---------- Record set
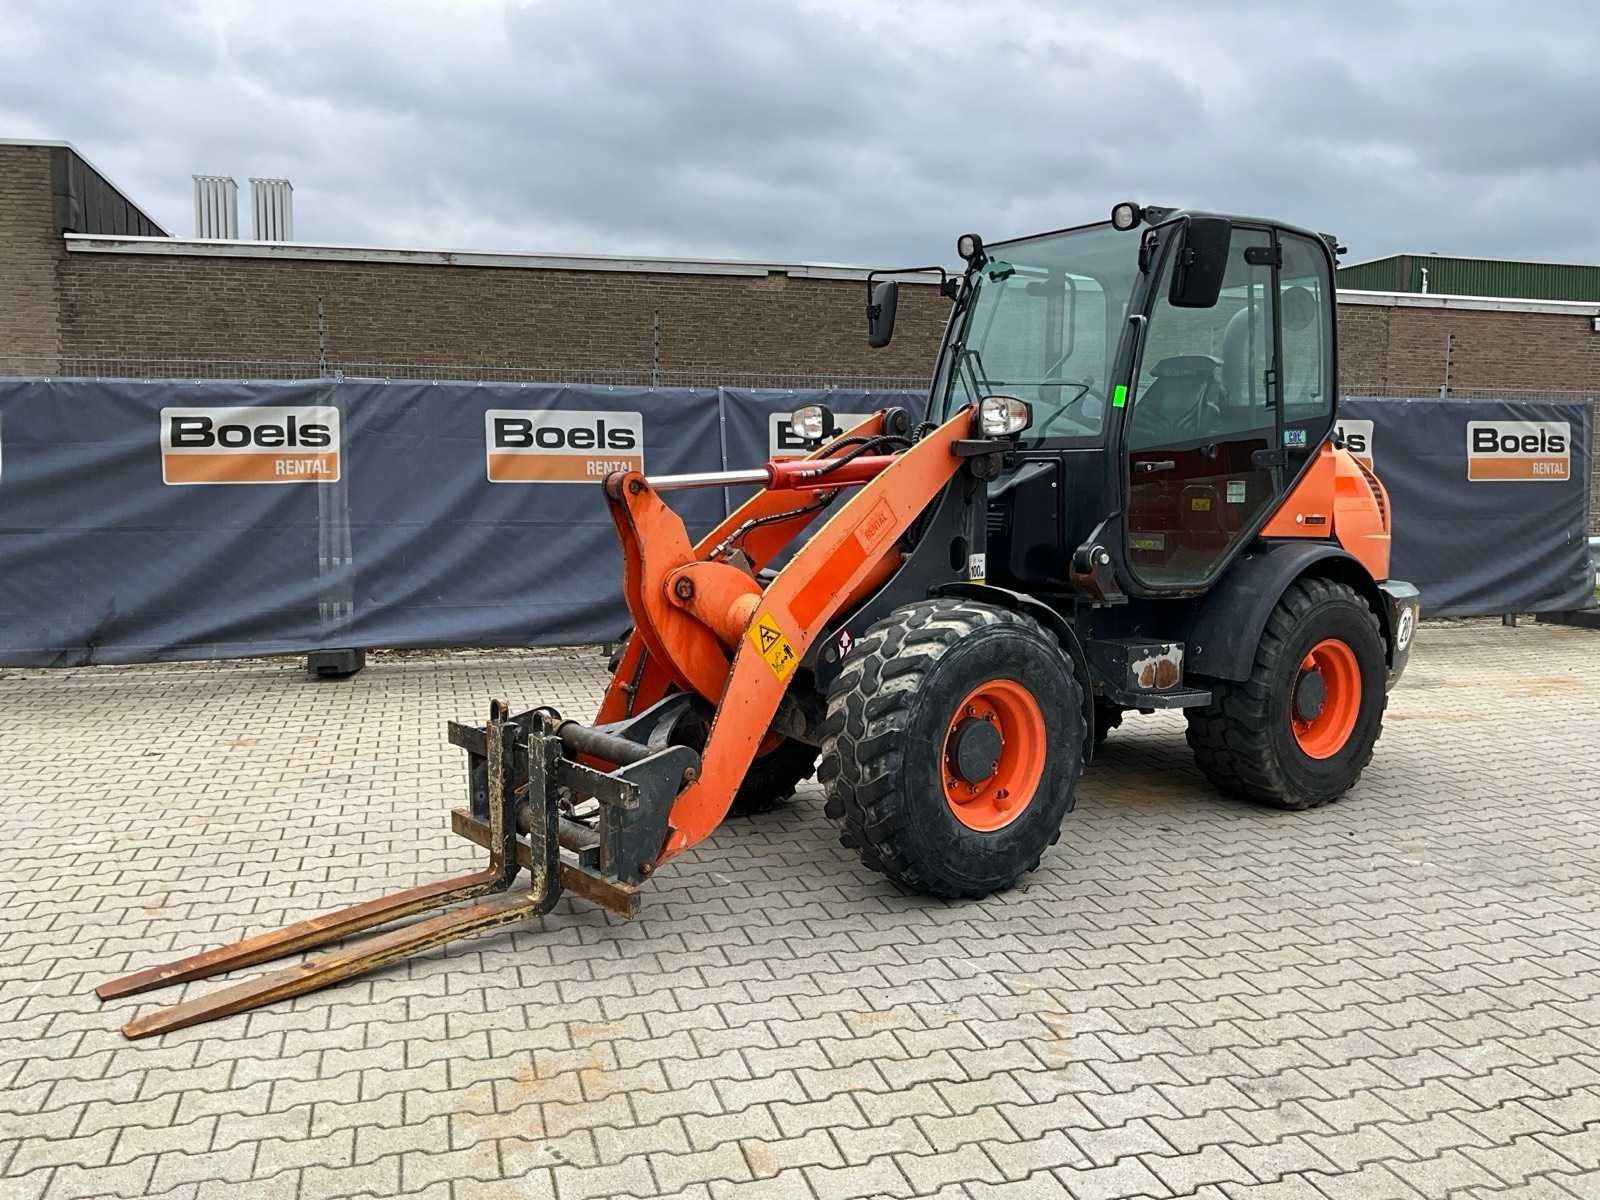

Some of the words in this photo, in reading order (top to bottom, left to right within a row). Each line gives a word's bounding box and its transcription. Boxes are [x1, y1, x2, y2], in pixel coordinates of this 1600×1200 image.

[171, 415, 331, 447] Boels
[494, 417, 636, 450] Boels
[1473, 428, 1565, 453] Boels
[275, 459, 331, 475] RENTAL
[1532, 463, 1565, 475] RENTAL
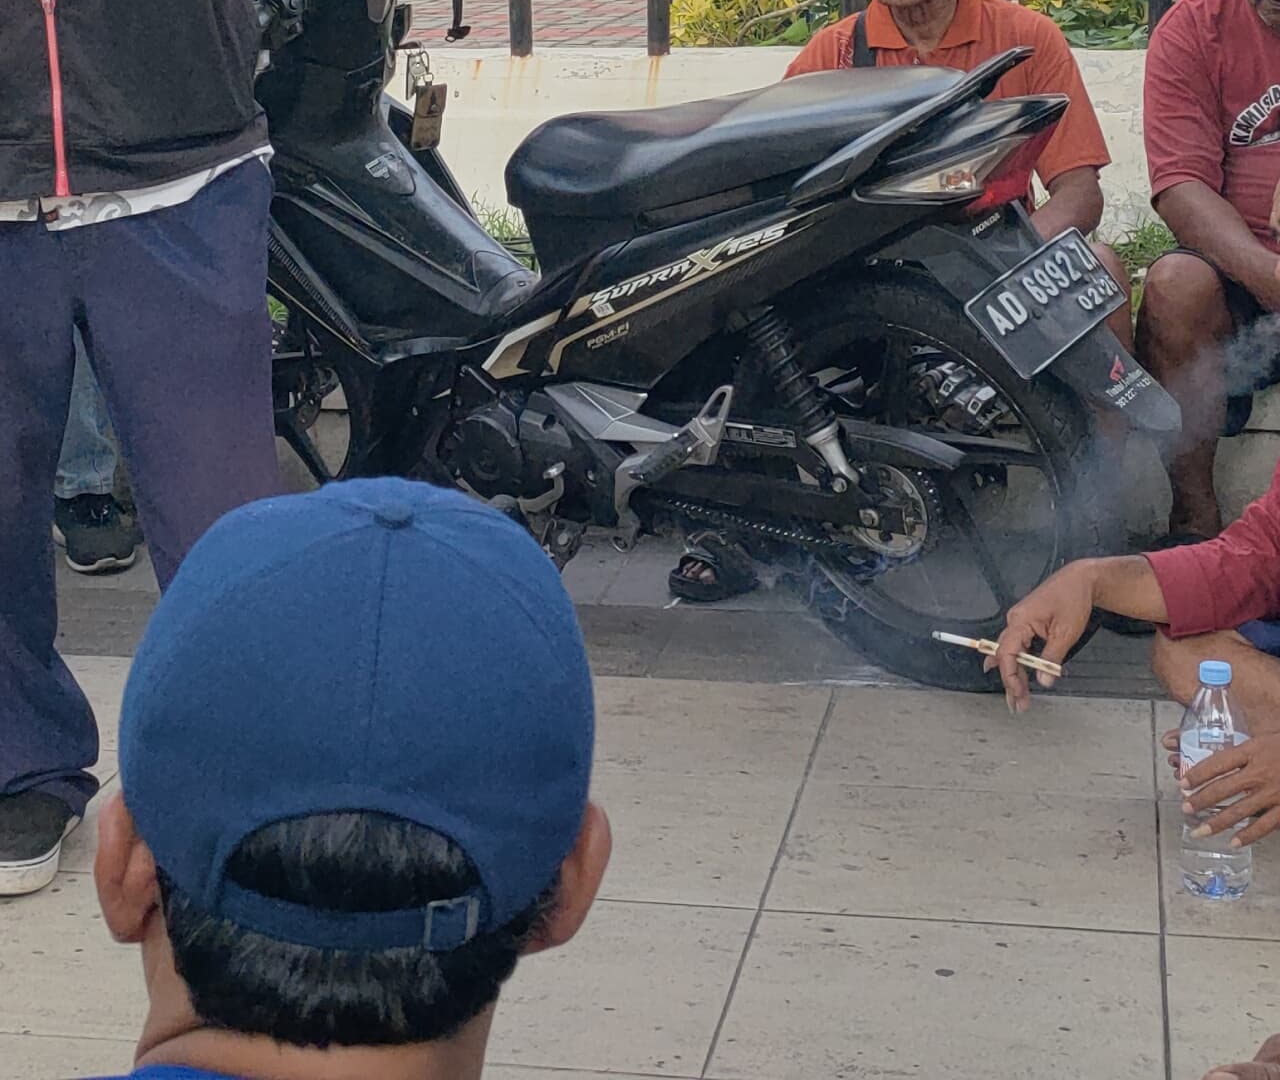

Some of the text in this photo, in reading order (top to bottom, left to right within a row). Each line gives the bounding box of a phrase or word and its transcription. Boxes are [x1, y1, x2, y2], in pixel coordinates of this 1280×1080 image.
--------------------
Could you reproduce the records above exactly, leaving out the pictures?

◆ Response below:
Some of the words in this photo, in reading order (top to bottom, left to right within a row). Each line gives a word's bounding box and its transcription. Boxes are [x1, y1, x2, y2], in pixel coordinates of this 1600×1200 image.

[171, 415, 331, 447] Boels
[494, 417, 636, 450] Boels
[1473, 428, 1565, 453] Boels
[275, 459, 331, 475] RENTAL
[1532, 463, 1565, 475] RENTAL

Some of the text in this photo, in reading order (top to bottom, left to right within a row). Each line gives the bounding box of a phrase or word and its transcription. Boxes are [x1, y1, x2, y2], in pixel coordinates of this 1280×1080 image.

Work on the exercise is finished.